→ REQUIRED ACTION
Leaving out the pictures, reproduce each record exactly and in full.

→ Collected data
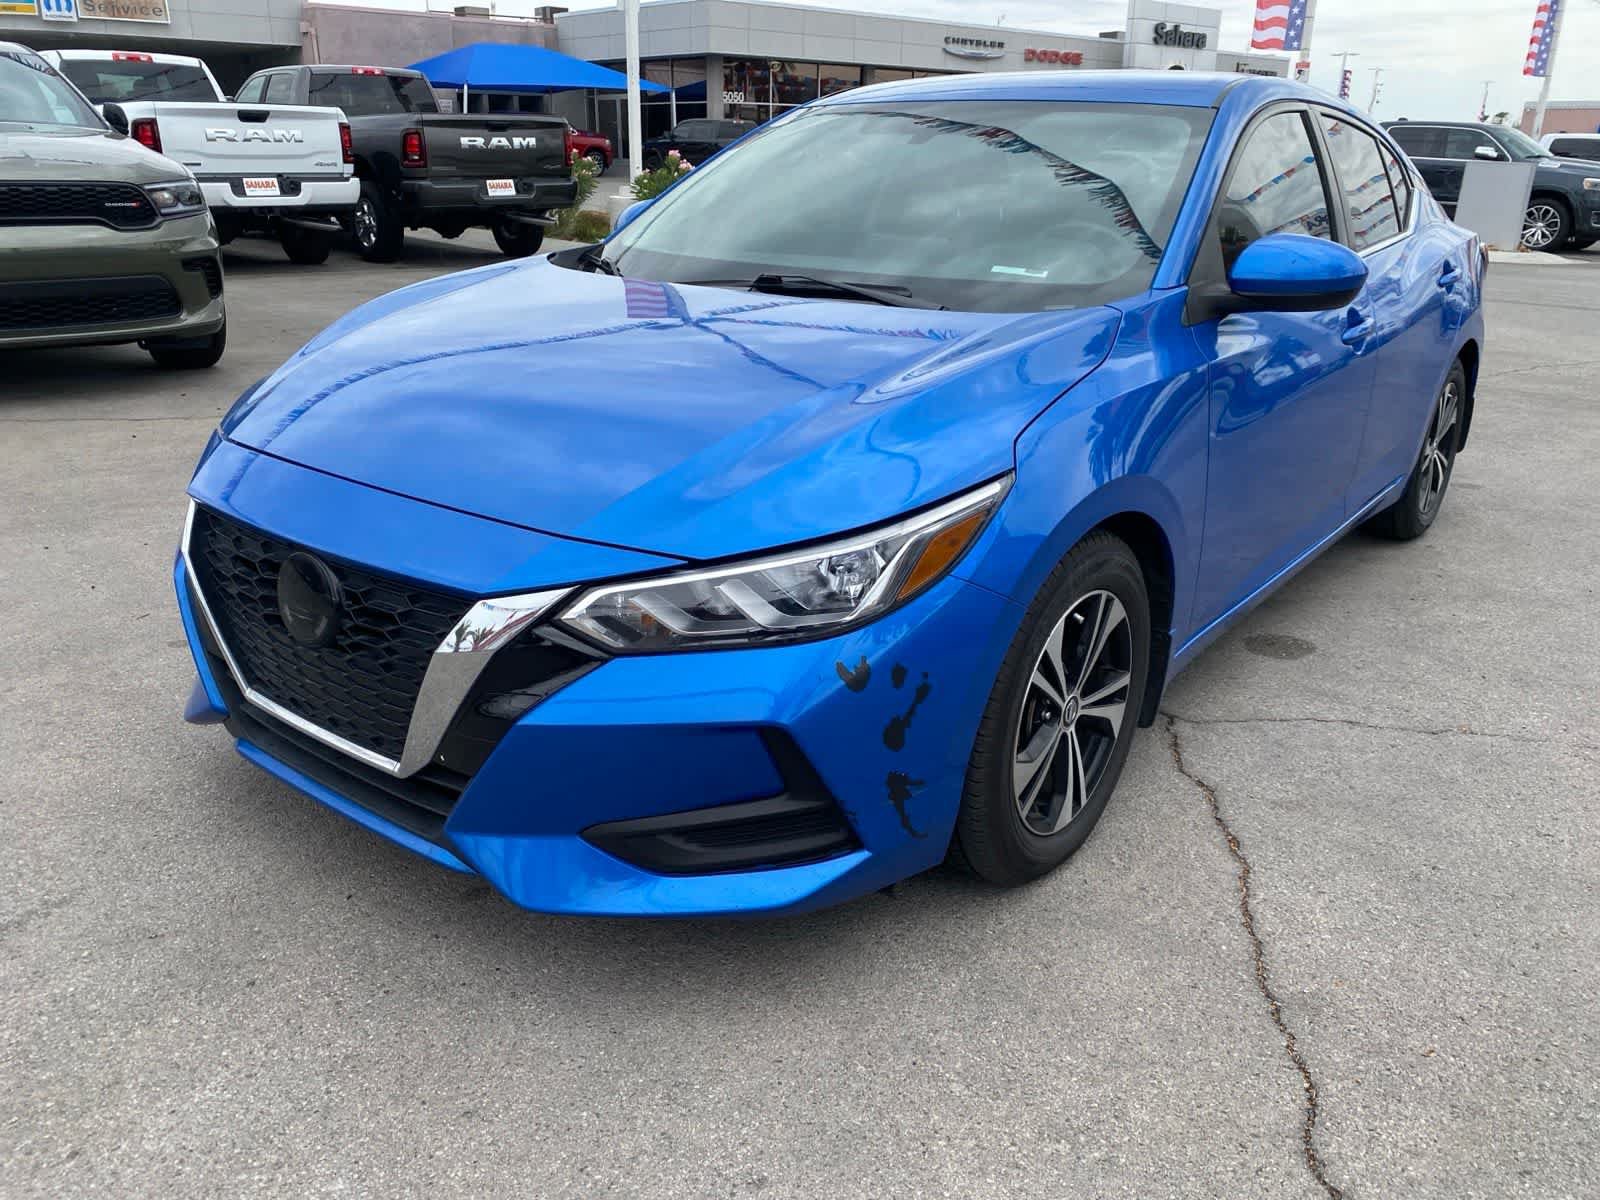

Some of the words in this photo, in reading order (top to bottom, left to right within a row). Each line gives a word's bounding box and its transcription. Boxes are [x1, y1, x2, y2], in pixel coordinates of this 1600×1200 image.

[85, 0, 163, 17] Service
[1153, 22, 1207, 49] Sahara
[944, 36, 1005, 49] CHRYSLER
[1024, 48, 1083, 65] DODGE
[723, 91, 744, 103] 5050
[205, 127, 304, 143] RAM
[460, 136, 537, 149] RAM
[245, 180, 276, 189] SAHARA
[488, 181, 513, 190] SAHARA

→ OUTPUT BELOW
Some of the words in this photo, in reading order (top to bottom, left to right within a row). Each line gives a word's bounding box and its transcription. Boxes are [x1, y1, x2, y2], in pixel coordinates of this 1600×1200 image.

[85, 0, 163, 17] Service
[1153, 22, 1207, 49] Sahara
[944, 36, 1005, 49] CHRYSLER
[1024, 48, 1083, 65] DODGE
[723, 91, 744, 103] 5050
[205, 127, 304, 143] RAM
[460, 136, 537, 149] RAM
[245, 180, 276, 189] SAHARA
[488, 181, 513, 190] SAHARA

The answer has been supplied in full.